• [Dataset excerpts]:
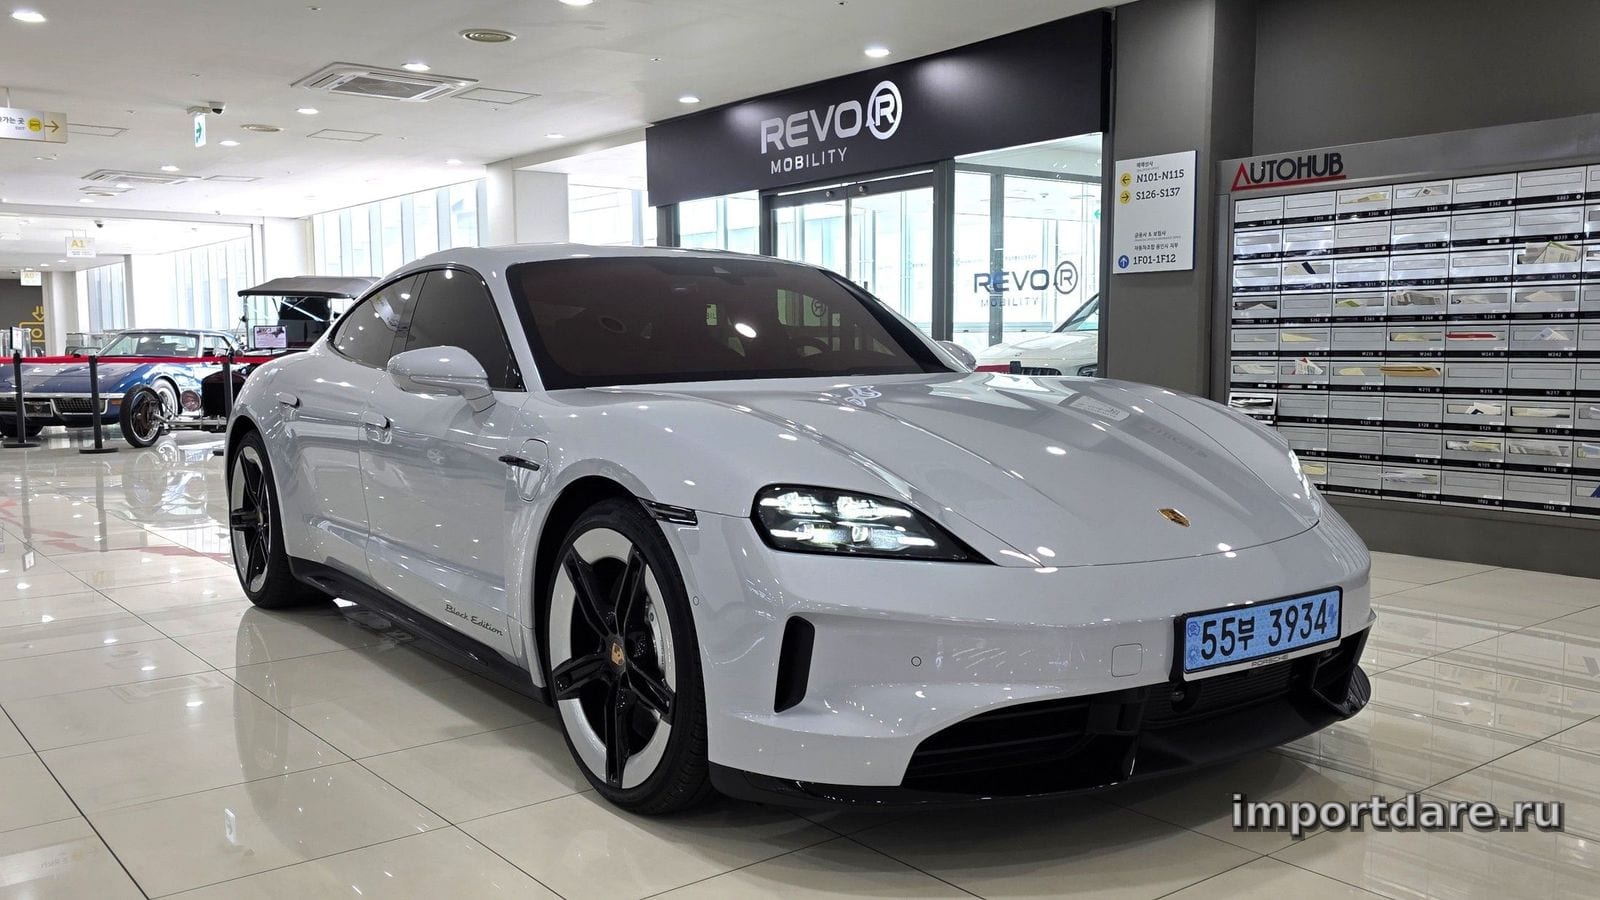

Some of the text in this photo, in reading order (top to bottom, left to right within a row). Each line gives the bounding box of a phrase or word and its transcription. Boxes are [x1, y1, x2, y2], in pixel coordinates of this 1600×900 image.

[760, 100, 862, 154] REVO
[771, 147, 847, 174] MOBILITY
[1231, 152, 1345, 192] AUTOHUB
[1136, 169, 1185, 183] N101-N115
[1136, 187, 1180, 200] S126-S137
[1133, 254, 1177, 265] 1F01-1F12
[974, 270, 1050, 293] REVO
[444, 604, 503, 636] Black Edition
[1200, 598, 1328, 660] 55부 3934
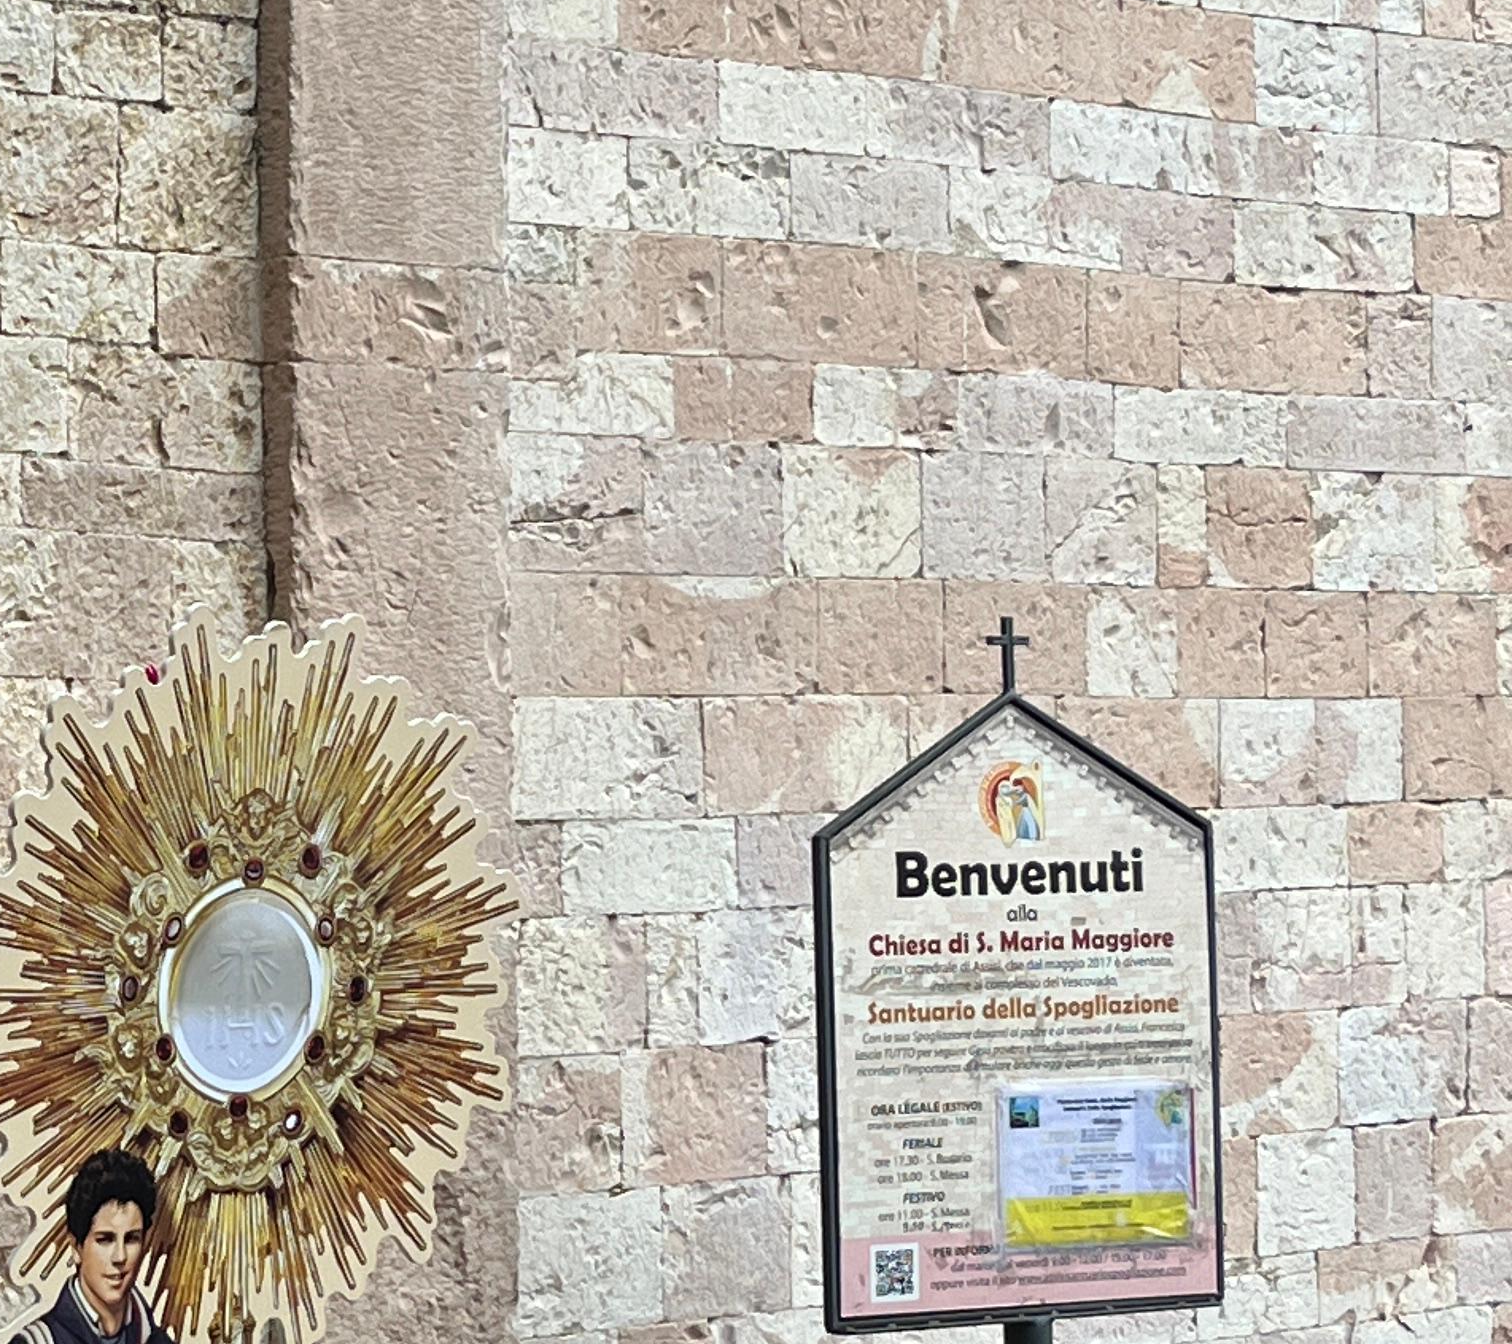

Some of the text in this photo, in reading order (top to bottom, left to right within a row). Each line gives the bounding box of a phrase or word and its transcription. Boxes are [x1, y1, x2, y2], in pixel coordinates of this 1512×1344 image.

[895, 847, 1144, 898] Benvenuti
[1007, 904, 1037, 922] alla
[869, 928, 1174, 956] Chiesa di S. Maria Maggiore
[1045, 958, 1085, 972] maggio
[1088, 957, 1112, 968] 2017
[868, 993, 1179, 1024] Santuario della Spogliazione
[871, 1104, 896, 1116] ORA
[898, 1101, 939, 1114] LEGALE
[903, 1137, 943, 1149] FERIALE
[933, 1247, 952, 1258] PER

• [Task prompt]: Where pictures appear in the records, leave them out; output everything else exactly.

• [Result below]:
Some of the text in this photo, in reading order (top to bottom, left to right within a row). Each line gives the bounding box of a phrase or word and its transcription. Boxes are [x1, y1, x2, y2], in pixel coordinates of this 1600×900 image.

[760, 100, 862, 154] REVO
[771, 147, 847, 174] MOBILITY
[1231, 152, 1345, 192] AUTOHUB
[1136, 169, 1185, 183] N101-N115
[1136, 187, 1180, 200] S126-S137
[1133, 254, 1177, 265] 1F01-1F12
[974, 270, 1050, 293] REVO
[444, 604, 503, 636] Black Edition
[1200, 598, 1328, 660] 55부 3934

Some of the text in this photo, in reading order (top to bottom, left to right within a row). Each line gives the bounding box of a phrase or word and its transcription. Boxes are [x1, y1, x2, y2], in pixel coordinates of this 1512×1344 image.

[895, 847, 1144, 898] Benvenuti
[1007, 904, 1037, 922] alla
[869, 928, 1174, 956] Chiesa di S. Maria Maggiore
[1045, 958, 1085, 972] maggio
[1088, 957, 1112, 968] 2017
[868, 993, 1179, 1024] Santuario della Spogliazione
[871, 1104, 896, 1116] ORA
[898, 1101, 939, 1114] LEGALE
[903, 1137, 943, 1149] FERIALE
[933, 1247, 952, 1258] PER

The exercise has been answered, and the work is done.